[Data]
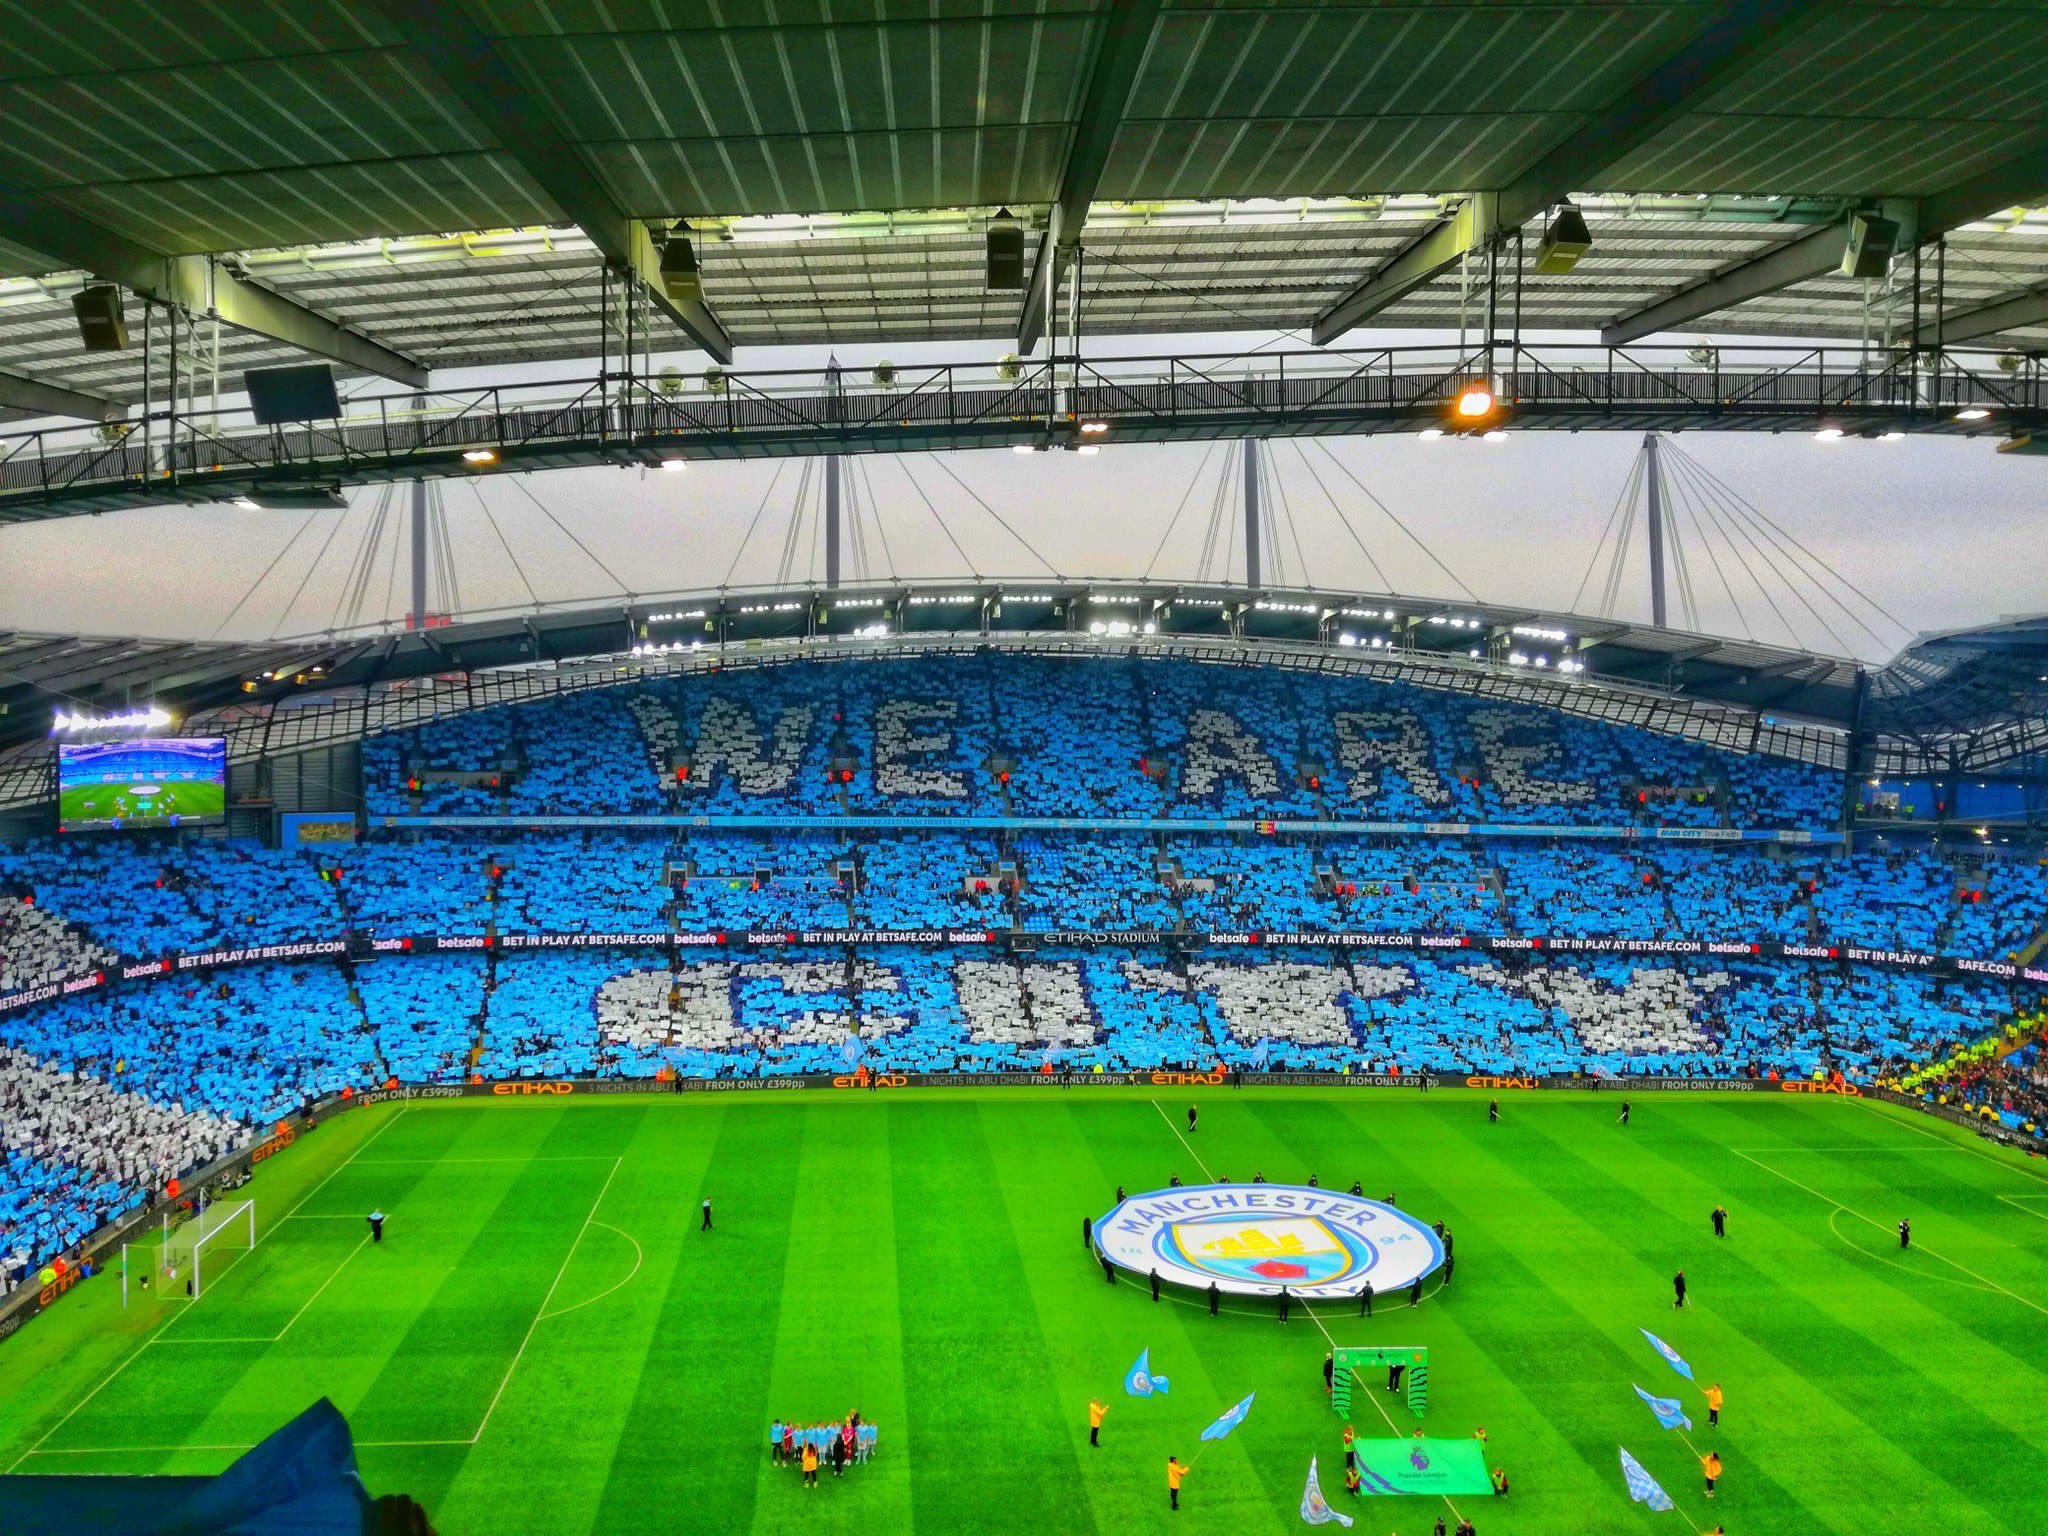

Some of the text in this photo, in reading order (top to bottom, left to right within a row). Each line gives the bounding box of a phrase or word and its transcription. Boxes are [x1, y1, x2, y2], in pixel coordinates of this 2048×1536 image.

[627, 694, 1597, 802] WE ARE
[437, 936, 484, 948] betsafe
[503, 934, 665, 946] BET IN PLAY AT BETSAFE.COM
[674, 933, 717, 944] betsafe
[803, 931, 942, 943] BET IN PLAY AT BETSAFE.COM
[949, 931, 987, 942] betsafe
[1044, 933, 1160, 943] ETIHAD STADIUM
[1209, 932, 1250, 944] betsafe
[1266, 934, 1413, 946] BET IN PLAY AT BETSAFE.COM
[1420, 936, 1462, 948] betsafe
[1492, 937, 1533, 949] betsafe
[1550, 939, 1701, 952] BET IN PLAY AT BETSAFE.COM
[1708, 942, 1751, 954] betsafe
[178, 941, 346, 968] BET IN PLAY AT BETSAFE.COM
[1783, 945, 1829, 957] betsafe
[1848, 949, 1870, 960] BET
[1872, 951, 1886, 961] IN
[1888, 952, 1918, 964] PLAY
[123, 962, 162, 978] betsafe
[63, 974, 97, 993] betsafe
[649, 1080, 670, 1091] ABU
[705, 1080, 735, 1091] FROM
[737, 1079, 765, 1090] ONLY
[767, 1079, 805, 1090] £399pp
[929, 1076, 963, 1086] NIGHTS
[966, 1075, 976, 1085] IN
[978, 1075, 998, 1085] ABU
[1000, 1075, 1029, 1085] DHABI
[1031, 1075, 1059, 1085] FROM
[1089, 1075, 1125, 1086] £399pp
[1152, 1073, 1224, 1085] ETIHAD
[1293, 1075, 1312, 1086] ABU
[1314, 1076, 1344, 1086] DHABI
[1345, 1076, 1373, 1087] FROM
[1375, 1077, 1401, 1087] ONLY
[1403, 1077, 1440, 1088] £39pp
[1609, 1079, 1629, 1090] ABU
[1631, 1079, 1660, 1090] DHABI
[1661, 1080, 1690, 1090] FROM
[1691, 1080, 1715, 1090] ONLY
[1717, 1080, 1754, 1091] £399pp
[493, 1082, 573, 1095] ETIHAD
[1781, 1080, 1858, 1095] ETIHAD
[358, 1086, 463, 1105] FROM ONLY £399pp
[252, 1130, 295, 1162] ETIHAD
[1118, 1194, 1377, 1236] MANCHESTER

[What to work on] Take the listing above and print it exactly, apart from the pictures.

[Written answer]
Some of the text in this photo, in reading order (top to bottom, left to right within a row). Each line gives the bounding box of a phrase or word and its transcription. Boxes are [x1, y1, x2, y2], in pixel coordinates of this 2048×1536 image.

[627, 694, 1597, 802] WE ARE
[437, 936, 484, 948] betsafe
[503, 934, 665, 946] BET IN PLAY AT BETSAFE.COM
[674, 933, 717, 944] betsafe
[803, 931, 942, 943] BET IN PLAY AT BETSAFE.COM
[949, 931, 987, 942] betsafe
[1044, 933, 1160, 943] ETIHAD STADIUM
[1209, 932, 1250, 944] betsafe
[1266, 934, 1413, 946] BET IN PLAY AT BETSAFE.COM
[1420, 936, 1462, 948] betsafe
[1492, 937, 1533, 949] betsafe
[1550, 939, 1701, 952] BET IN PLAY AT BETSAFE.COM
[1708, 942, 1751, 954] betsafe
[178, 941, 346, 968] BET IN PLAY AT BETSAFE.COM
[1783, 945, 1829, 957] betsafe
[1848, 949, 1870, 960] BET
[1872, 951, 1886, 961] IN
[1888, 952, 1918, 964] PLAY
[123, 962, 162, 978] betsafe
[63, 974, 97, 993] betsafe
[649, 1080, 670, 1091] ABU
[705, 1080, 735, 1091] FROM
[737, 1079, 765, 1090] ONLY
[767, 1079, 805, 1090] £399pp
[929, 1076, 963, 1086] NIGHTS
[966, 1075, 976, 1085] IN
[978, 1075, 998, 1085] ABU
[1000, 1075, 1029, 1085] DHABI
[1031, 1075, 1059, 1085] FROM
[1089, 1075, 1125, 1086] £399pp
[1152, 1073, 1224, 1085] ETIHAD
[1293, 1075, 1312, 1086] ABU
[1314, 1076, 1344, 1086] DHABI
[1345, 1076, 1373, 1087] FROM
[1375, 1077, 1401, 1087] ONLY
[1403, 1077, 1440, 1088] £39pp
[1609, 1079, 1629, 1090] ABU
[1631, 1079, 1660, 1090] DHABI
[1661, 1080, 1690, 1090] FROM
[1691, 1080, 1715, 1090] ONLY
[1717, 1080, 1754, 1091] £399pp
[493, 1082, 573, 1095] ETIHAD
[1781, 1080, 1858, 1095] ETIHAD
[358, 1086, 463, 1105] FROM ONLY £399pp
[252, 1130, 295, 1162] ETIHAD
[1118, 1194, 1377, 1236] MANCHESTER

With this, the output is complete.